Task to carry out:
When you reach the line containing "this 1440×1800 image." in the entries below, please begin setting down lines exactly, stop only after the last one, and add nothing else.

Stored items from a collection

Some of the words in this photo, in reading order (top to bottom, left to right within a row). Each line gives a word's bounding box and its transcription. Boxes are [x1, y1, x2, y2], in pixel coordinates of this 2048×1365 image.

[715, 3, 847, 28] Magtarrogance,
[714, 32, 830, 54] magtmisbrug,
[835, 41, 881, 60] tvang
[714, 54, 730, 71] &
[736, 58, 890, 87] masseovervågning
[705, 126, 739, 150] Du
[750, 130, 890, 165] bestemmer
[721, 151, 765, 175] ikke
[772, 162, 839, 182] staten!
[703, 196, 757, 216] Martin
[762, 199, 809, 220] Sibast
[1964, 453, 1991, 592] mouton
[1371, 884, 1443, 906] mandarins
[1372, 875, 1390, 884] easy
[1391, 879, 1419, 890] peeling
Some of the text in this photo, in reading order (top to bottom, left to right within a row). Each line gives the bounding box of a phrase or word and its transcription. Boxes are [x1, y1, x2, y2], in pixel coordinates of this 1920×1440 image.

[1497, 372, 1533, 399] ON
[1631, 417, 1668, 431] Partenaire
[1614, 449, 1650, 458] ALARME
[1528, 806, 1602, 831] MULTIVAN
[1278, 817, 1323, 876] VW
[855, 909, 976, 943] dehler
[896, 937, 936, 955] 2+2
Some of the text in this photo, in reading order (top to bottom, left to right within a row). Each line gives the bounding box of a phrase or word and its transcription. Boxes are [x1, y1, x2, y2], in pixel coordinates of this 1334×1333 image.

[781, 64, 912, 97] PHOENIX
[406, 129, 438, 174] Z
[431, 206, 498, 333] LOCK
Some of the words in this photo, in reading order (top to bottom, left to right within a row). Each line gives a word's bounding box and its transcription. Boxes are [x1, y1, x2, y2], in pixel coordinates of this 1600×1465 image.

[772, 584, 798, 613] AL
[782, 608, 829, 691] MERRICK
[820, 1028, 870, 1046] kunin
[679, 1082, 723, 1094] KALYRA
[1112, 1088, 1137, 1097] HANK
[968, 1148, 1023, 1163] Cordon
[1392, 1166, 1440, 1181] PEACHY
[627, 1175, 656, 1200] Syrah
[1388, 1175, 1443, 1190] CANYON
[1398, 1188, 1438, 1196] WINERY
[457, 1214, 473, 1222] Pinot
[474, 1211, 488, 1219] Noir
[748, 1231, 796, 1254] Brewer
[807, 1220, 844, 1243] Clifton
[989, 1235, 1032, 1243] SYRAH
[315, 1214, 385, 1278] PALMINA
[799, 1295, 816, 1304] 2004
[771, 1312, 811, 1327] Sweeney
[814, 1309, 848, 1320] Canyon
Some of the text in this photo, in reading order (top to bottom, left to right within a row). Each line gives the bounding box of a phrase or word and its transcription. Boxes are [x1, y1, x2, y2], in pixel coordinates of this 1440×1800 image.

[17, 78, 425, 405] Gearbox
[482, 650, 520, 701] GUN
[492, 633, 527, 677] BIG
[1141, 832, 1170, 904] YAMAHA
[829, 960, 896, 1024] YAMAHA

Output of the task:
Some of the text in this photo, in reading order (top to bottom, left to right within a row). Each line gives the bounding box of a phrase or word and its transcription. Boxes are [x1, y1, x2, y2], in pixel coordinates of this 1440×1800 image.

[17, 78, 425, 405] Gearbox
[482, 650, 520, 701] GUN
[492, 633, 527, 677] BIG
[1141, 832, 1170, 904] YAMAHA
[829, 960, 896, 1024] YAMAHA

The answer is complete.